Do Canal Meteoro Brasil:

A tragédia humanitária que assola os yanomami carrega as digitais dos militares, seja do governo militar do Bolsonaro, seja dos militares subornados com ouro pelos garimpeiros. Isso não deveria ser surpresa, considerando que há décadas, os militares nutrem teorias da conspiração sobre os yanomami.



Denunciar e punir os crimes militares são questões estratégicas para o fortalecimento do país, por Roberto Bitencourt da Silva

 

O presidente da República deve esclarecer a população sobre os graves crimes perpetrados por inúmeros agentes das Forças Armadas

Fernando Frazão – Agência Brasil

Denunciar e punir os crimes militares são questões estratégicas para o país

por Roberto Bitencourt da Silva

É imprescindível para a sociedade brasileira a severa punição dos militares envolvidos em diversas práticas abomináveis e criminosas, que ganharam os holofotes desde o governo Bolsonaro. Um governo de feições verde oliva e defensor de projetos propriamente ultraliberais, neocoloniais, burgueses e antinacionais.
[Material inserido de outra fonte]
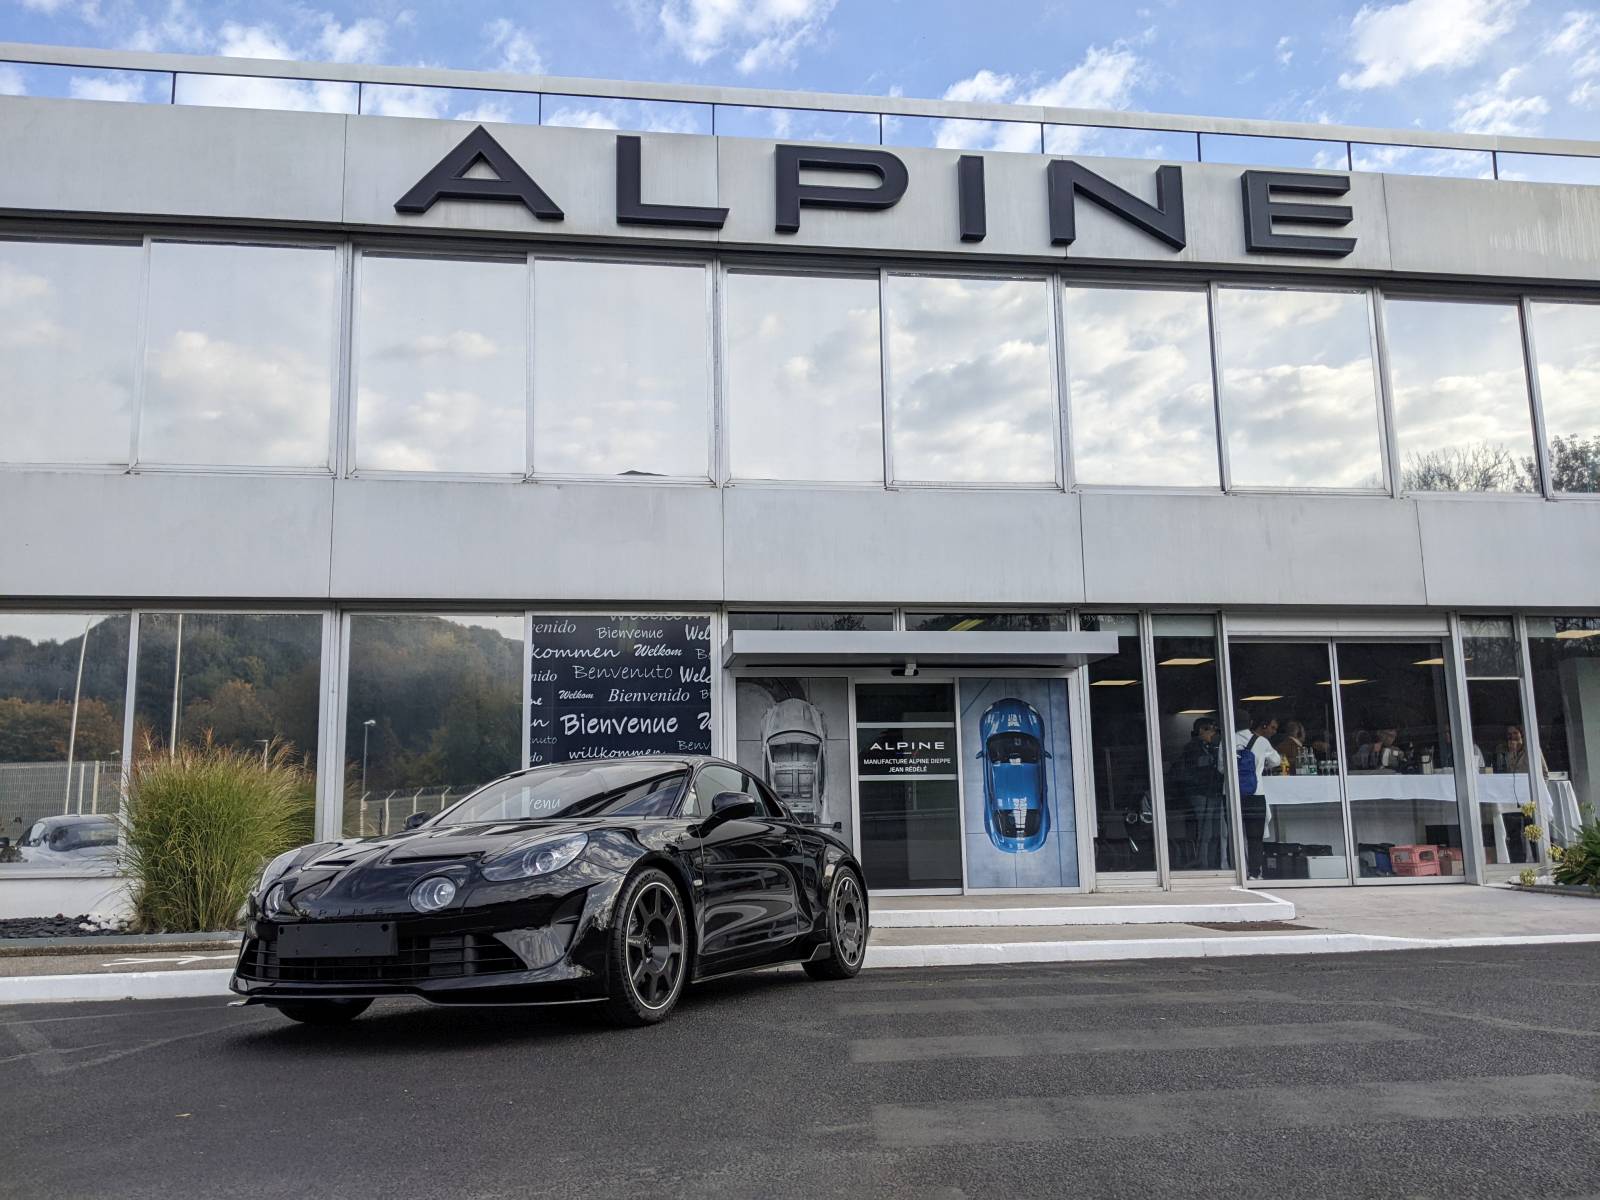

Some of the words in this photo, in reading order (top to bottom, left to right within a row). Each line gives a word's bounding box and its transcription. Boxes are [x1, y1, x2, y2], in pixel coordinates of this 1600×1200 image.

Com milhares de oficiais da ativa e reserva espalhados em diferentes ministérios e agências do governo federal – tais como a Saúde, a Funai etc. –, via de regra dotados de formação incompatível com as atribuições dos cargos que exerceram, tais servidores públicos deixaram um devastador legado para a nação. Esse legado não foi obra do acaso. Tratou-se de uma escolha deliberada do então chefe de Estado e do seu padrinho mais próximo, a saber, a alta hierarquia militar.

O aludido legado veio à luz durante a pandemia do coronavírus, com o atraso nas aquisições de vacinas e com a prescrição de soluções medicamentosas pretensamente mágicas e sem respaldo científico. Almejava-se desmerecer as preocupações dos profissionais da área médica com o contágio e forjar um ambiente de suposta normalidade, que empurrasse o conjunto dos trabalhadores o mais rápido possível ao retorno das atividades (“lucros empresariais acima de tudo!”). Mais recentemente, a opinião pública deparou-se com a estarrecedora desproteção dos grupos indígenas ianomâmis, submetidos à violência de garimpeiros em suas próprias terras e à subnutrição decorrente da contaminação dos seus rios.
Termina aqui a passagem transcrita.